What is needed - Your output must match the records exactly, line for line.

Data extract -
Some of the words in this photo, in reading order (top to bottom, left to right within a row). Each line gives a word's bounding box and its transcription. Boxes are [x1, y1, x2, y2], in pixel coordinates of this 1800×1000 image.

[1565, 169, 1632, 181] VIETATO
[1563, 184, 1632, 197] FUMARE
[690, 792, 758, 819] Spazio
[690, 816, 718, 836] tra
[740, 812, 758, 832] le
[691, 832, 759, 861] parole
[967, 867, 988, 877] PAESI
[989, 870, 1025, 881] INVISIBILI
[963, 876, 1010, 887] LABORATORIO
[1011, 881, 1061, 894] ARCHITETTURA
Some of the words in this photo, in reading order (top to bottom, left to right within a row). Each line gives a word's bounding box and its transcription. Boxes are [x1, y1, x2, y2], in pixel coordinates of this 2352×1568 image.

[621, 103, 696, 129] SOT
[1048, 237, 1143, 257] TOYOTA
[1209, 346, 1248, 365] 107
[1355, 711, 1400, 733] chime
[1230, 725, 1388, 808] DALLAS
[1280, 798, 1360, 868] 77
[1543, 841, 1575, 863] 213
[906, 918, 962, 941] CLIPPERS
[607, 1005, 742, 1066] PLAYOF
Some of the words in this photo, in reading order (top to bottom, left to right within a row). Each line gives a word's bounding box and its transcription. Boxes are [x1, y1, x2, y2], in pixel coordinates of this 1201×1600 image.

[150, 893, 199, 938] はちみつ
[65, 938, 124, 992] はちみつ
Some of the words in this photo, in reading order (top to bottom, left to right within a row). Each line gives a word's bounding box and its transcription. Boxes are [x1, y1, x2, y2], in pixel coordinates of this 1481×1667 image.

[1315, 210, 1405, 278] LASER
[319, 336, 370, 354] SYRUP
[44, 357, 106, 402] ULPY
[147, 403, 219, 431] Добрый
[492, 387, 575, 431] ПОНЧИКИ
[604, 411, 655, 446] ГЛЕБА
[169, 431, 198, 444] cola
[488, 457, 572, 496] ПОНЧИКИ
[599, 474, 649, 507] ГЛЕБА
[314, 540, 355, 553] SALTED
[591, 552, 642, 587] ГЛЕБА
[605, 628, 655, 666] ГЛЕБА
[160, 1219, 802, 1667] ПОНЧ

Solution to the exercise -
Some of the words in this photo, in reading order (top to bottom, left to right within a row). Each line gives a word's bounding box and its transcription. Boxes are [x1, y1, x2, y2], in pixel coordinates of this 1800×1000 image.

[1565, 169, 1632, 181] VIETATO
[1563, 184, 1632, 197] FUMARE
[690, 792, 758, 819] Spazio
[690, 816, 718, 836] tra
[740, 812, 758, 832] le
[691, 832, 759, 861] parole
[967, 867, 988, 877] PAESI
[989, 870, 1025, 881] INVISIBILI
[963, 876, 1010, 887] LABORATORIO
[1011, 881, 1061, 894] ARCHITETTURA
Some of the words in this photo, in reading order (top to bottom, left to right within a row). Each line gives a word's bounding box and its transcription. Boxes are [x1, y1, x2, y2], in pixel coordinates of this 2352×1568 image.

[621, 103, 696, 129] SOT
[1048, 237, 1143, 257] TOYOTA
[1209, 346, 1248, 365] 107
[1355, 711, 1400, 733] chime
[1230, 725, 1388, 808] DALLAS
[1280, 798, 1360, 868] 77
[1543, 841, 1575, 863] 213
[906, 918, 962, 941] CLIPPERS
[607, 1005, 742, 1066] PLAYOF
Some of the words in this photo, in reading order (top to bottom, left to right within a row). Each line gives a word's bounding box and its transcription. Boxes are [x1, y1, x2, y2], in pixel coordinates of this 1201×1600 image.

[150, 893, 199, 938] はちみつ
[65, 938, 124, 992] はちみつ
Some of the words in this photo, in reading order (top to bottom, left to right within a row). Each line gives a word's bounding box and its transcription. Boxes are [x1, y1, x2, y2], in pixel coordinates of this 1481×1667 image.

[1315, 210, 1405, 278] LASER
[319, 336, 370, 354] SYRUP
[44, 357, 106, 402] ULPY
[147, 403, 219, 431] Добрый
[492, 387, 575, 431] ПОНЧИКИ
[604, 411, 655, 446] ГЛЕБА
[169, 431, 198, 444] cola
[488, 457, 572, 496] ПОНЧИКИ
[599, 474, 649, 507] ГЛЕБА
[314, 540, 355, 553] SALTED
[591, 552, 642, 587] ГЛЕБА
[605, 628, 655, 666] ГЛЕБА
[160, 1219, 802, 1667] ПОНЧ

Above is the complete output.